Richard E. Sweet
[Igor]<Sweet>Performance80.bravo
1.Compiler Development -- The most significant activity in this area was the completion and debugging of the major cleanup of the code generators. With around five thousand lines of new and modified code, this amounted to a virtual rewrite of the Mesa Compiler code generators. Not only are the new code generators better suited to the language and capable of generating superior code, they are considerably cleaner; the Cedar programmers at PARC have successfully modified them for their special needs. A number of new language features in Mesa 6 required new design work for code generation, including sequences, storage allocation, packed arrays, and others.

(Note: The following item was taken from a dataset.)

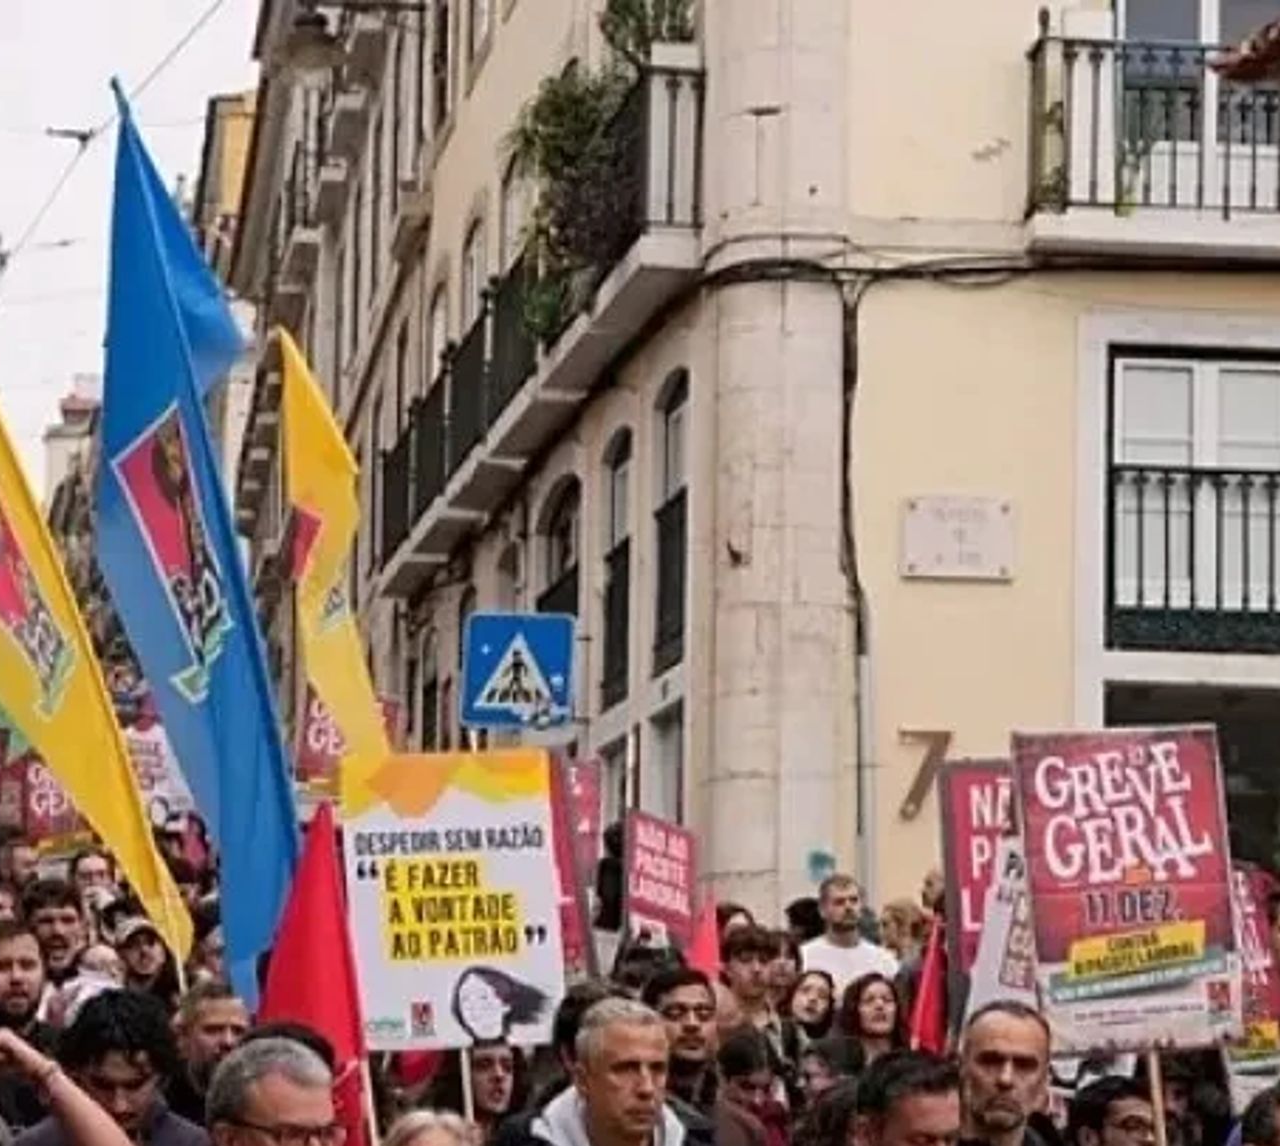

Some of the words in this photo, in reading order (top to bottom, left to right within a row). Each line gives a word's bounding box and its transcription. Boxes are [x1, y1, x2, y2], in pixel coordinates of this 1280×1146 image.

2.Packager -- I was involved in the design and implementation of the Packager from the beginning. I helped formulate what was meant my packaging, I helped design the syntax of packaging descriptions, and I helped design the overall strategy of the Packager program. I fully designed and implemented the "back end" of the program which does the actual copying of procedure bodies (code) from a collection of modules. I designed it in such a way that it would run on memory-starved Altos, and could later be recoded to run in the larger virtual memory of Pilot. I also spoke at Crosstalks about the Packager in Palo Alto and El Segundo.
3.General Support -- I wrote a number of utilities (mostly small, but a few large ones) to aid myself and others in the development process, occasionally on request, but usually when I perceived a need.
a.XXDebug -- This is a debugger UserProc similar to the CGenDebug UserProc that I wrote last year. XXDebug was used to debug the new Mesa 6 Debugger. The debugging of the Mesa 6 Debugger would have been significantly slower had XXDebug not been available.
b.Lister -- I added a number of commands to the Lister. Some were for internal use, like the ability to make code listing from packaged code. A rather large number (see the Mesa 6 Utilities Update) were for the benefit of the user community at large, such at the cross reference by caller/callee command used by persons writing packaging descriptions.
c.MungeIndex -- I made numerous changes to this program, our imperfect by only extant index generation program. Many of these were made quickly to simplify the production of the index for the Mesa Processor Principles of Operation. Others were made for the benefit of the Pilot documention and the Mesa 6 documentation.
d.General -- I helped in the implementation of the Debugger in the sections that deal with some of the data structures that changed between Mesa 5 and Mesa 6. I wrote a UserProc for finding all unbound procedures in a running system. I consulted with numerous users.
4.Documentation -- I edited several of the Mesa 6 documents, including the Mesa System Documentation and the Mesa Users’ Handbook. Given the changes in user interface between Mesa 5 and Mesa 6, editing of the Mesa Users’ Handbook was essentially a rewrite. Several chapters were supplied by other members of the Mesa group, but they typically needed editing to bring them into a consistent style with the remainder of the document. I spent a number of late evenings working on the indexes for the Mesa Processor Principles of Operation in order to help John Wick finish it by the deadline.
5.Analysis of Instruction Set -- I have started to lay the groundwork for a new round of instruction set analysis, including a program to extract code sequences from object files, and a compiler option to generate code assuming a larger stack.
6.General Xerox Activities -- I participated in several off site activities, including a meeting at Diablo Systems to discuss character printer needs for the product program, a day spent recruiting a Stanford, and a meeting at Intel discussing their development environment. I spent a week at a UC Extension course studying classical compiler optimization techniques.